Wednesday, December 19, 2012; 12:06:18 PM Eastern
Some people like to eat out
- And some people like to cook for themselves.
- And sometimes people who cook for themselves like to eat out, and vice versa.
- So I use Flickr even though I could program my own photos site, and have. I find it convenient to use their front-end. But I don't have to. If I needed to cook my own meal, I would. I did.
- Everyone always thinks the last turn of the cycle in tech was the first and the last time around the loop. It might be the last but it sure isn't the first.
- For Marc Andreessen, who Felix Salmon quotes in this piece, the first wave of the web was his first tech experience. And it made him a billionaire and launched a fantastic career as an investor and tech iconoclast.
- For me, it was my third time around the loop (I'm a generation older than Andreessen), but I didn't make nearly as much money as he did, nor was I trying to. For me, the web was creative liberation. Seriously. I had given up on making software because everything was so jammed up and ugly in the tech world. The web freed up everything. We could create again, because I could set up my own net that no one owned but me. I didn't have to get anyone's approval to play with servers. I needed that to be creative.
- Imagine if Jackson Pollock had to convince a big company that his art was worth making. That's why when everything is controlled by companies, we get stagnation.
- Being creative with tech is not for everyone, but so what. It mattered to me that I could be free. Obviously freedom doesn't matter to everyone. And it was and is available to anyone who wants it and had the patience to keep it going.
- And freedom matters to me in some activities and not in others. I feel no need to be free in creating new kinds of car engines. Or creating new paintings or works of music. There, I prefer the AOL/Facebook type of experience. I like going to art museums and Broadway plays, and to drive a fine car made by a big company I trust. But for me, I will always, till the day I die, want to run my own servers. Because that's where I choose to be creative. And if I let other people do it, there would be unacceptable limits on my creativity.

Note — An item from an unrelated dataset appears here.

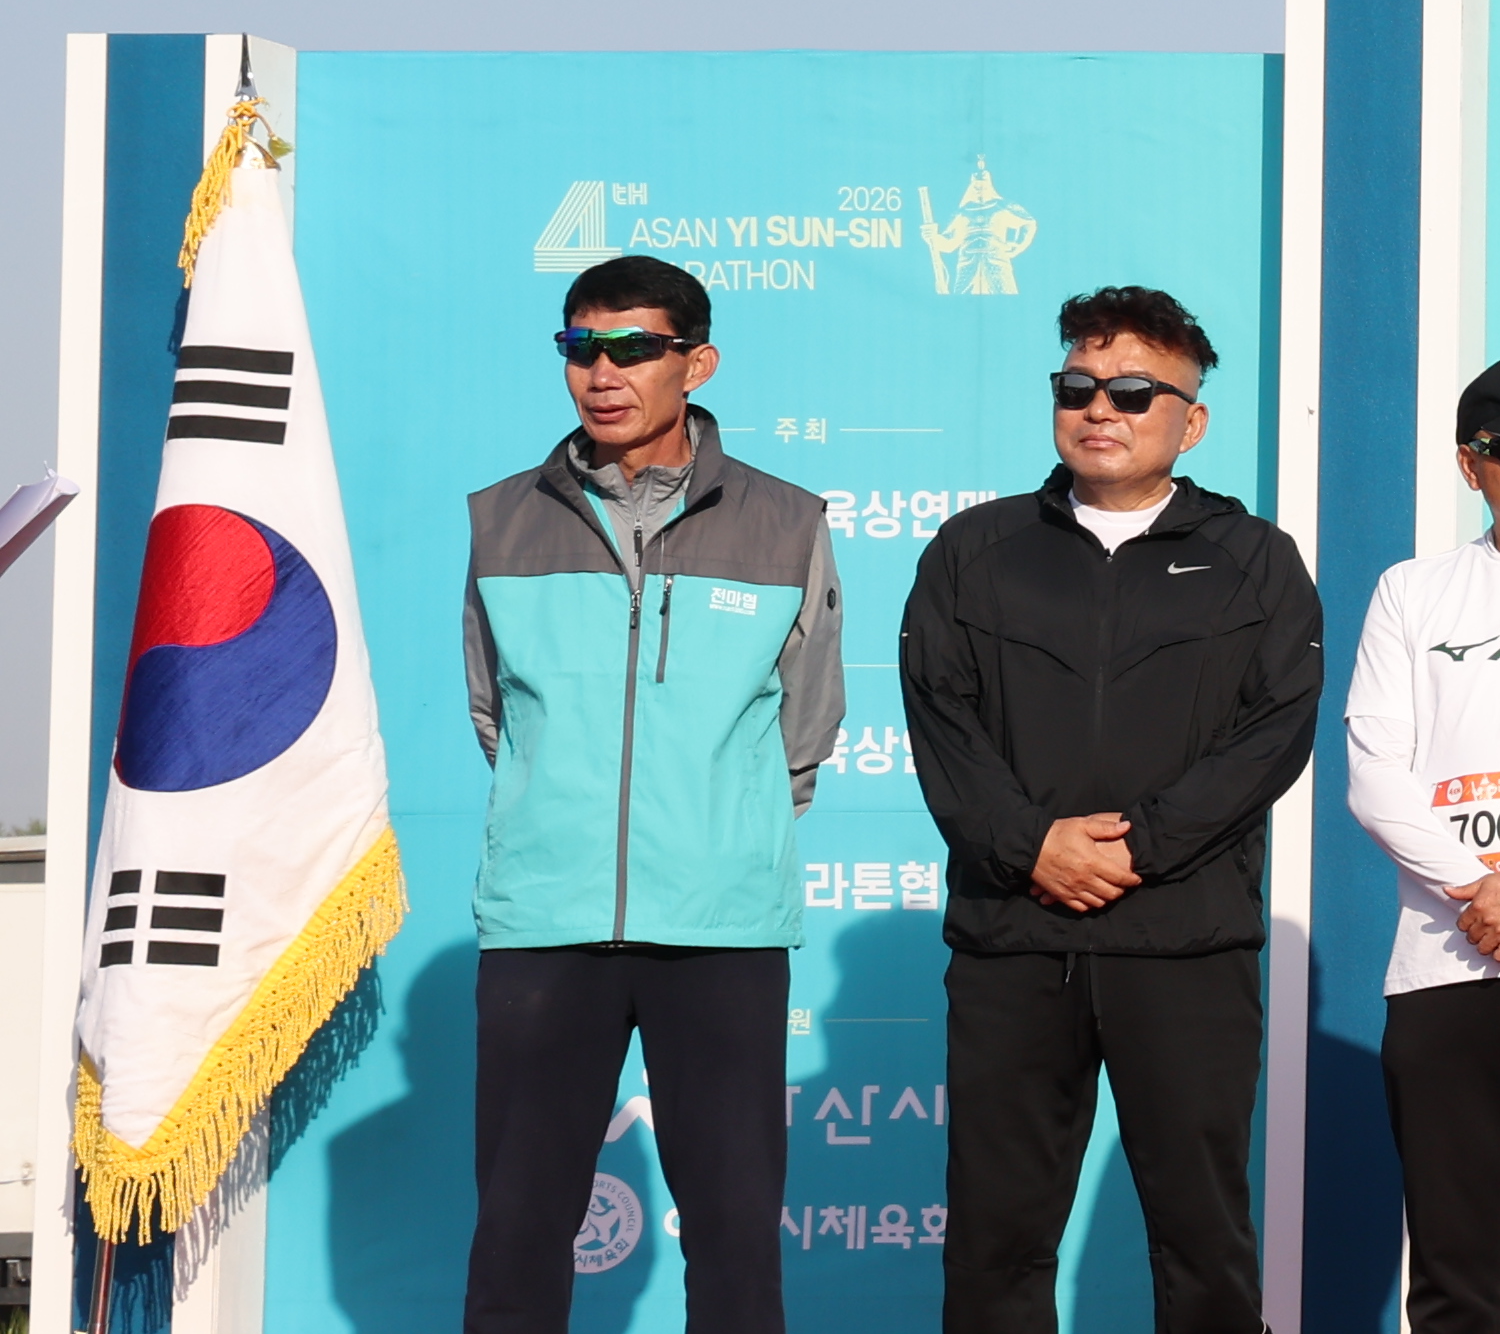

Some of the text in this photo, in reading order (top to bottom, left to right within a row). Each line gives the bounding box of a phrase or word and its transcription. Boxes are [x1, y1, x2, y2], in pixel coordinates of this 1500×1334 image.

[837, 185, 903, 212] 2026
[628, 215, 902, 249] ASAN YI SUN-SIN
[683, 258, 815, 291] RATHON
[775, 417, 826, 444] 주최

- And I depend on the fact that people who create in other artisitic areas are free to do so. Who would want to see an endless stream of idiotic movies programmed for LCD intellect and emotional maturity. You see the problem, it is possible for us to die as a culture. It's happened before. But the human spirit is pretty strong. And there will be someone forcing the question of how to create, as long as there are new ideas to explore. It's never been an easy sell that this kind of creativity applies to tech, but it does.
- If you've only seen one turn of the wheel, it must be hard to extrapolate that because there were turns before yours that it's likely there will be more to come. I don't have any trouble imagining it because I've seen it, I've lived it.

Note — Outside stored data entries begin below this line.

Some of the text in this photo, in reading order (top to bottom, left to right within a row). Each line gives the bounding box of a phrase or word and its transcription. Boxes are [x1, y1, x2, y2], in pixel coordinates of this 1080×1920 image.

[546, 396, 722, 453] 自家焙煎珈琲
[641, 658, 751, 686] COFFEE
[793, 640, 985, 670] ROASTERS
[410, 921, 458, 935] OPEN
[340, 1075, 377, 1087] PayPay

- I don't say Andreessen is wrong, from his point of view the web never really was that wonderful. I accept his version of the truth, as his. But it's not mine. For me, the web was, and continues to be, liberating.
- We're all like the blind men and the elephant. Salmon sees the web as broken, as do the others he quotes. But I see it as liberating. We're all just reporting on the color of the lenses in our glasses. (And btw, all this discourse is happening on the web.)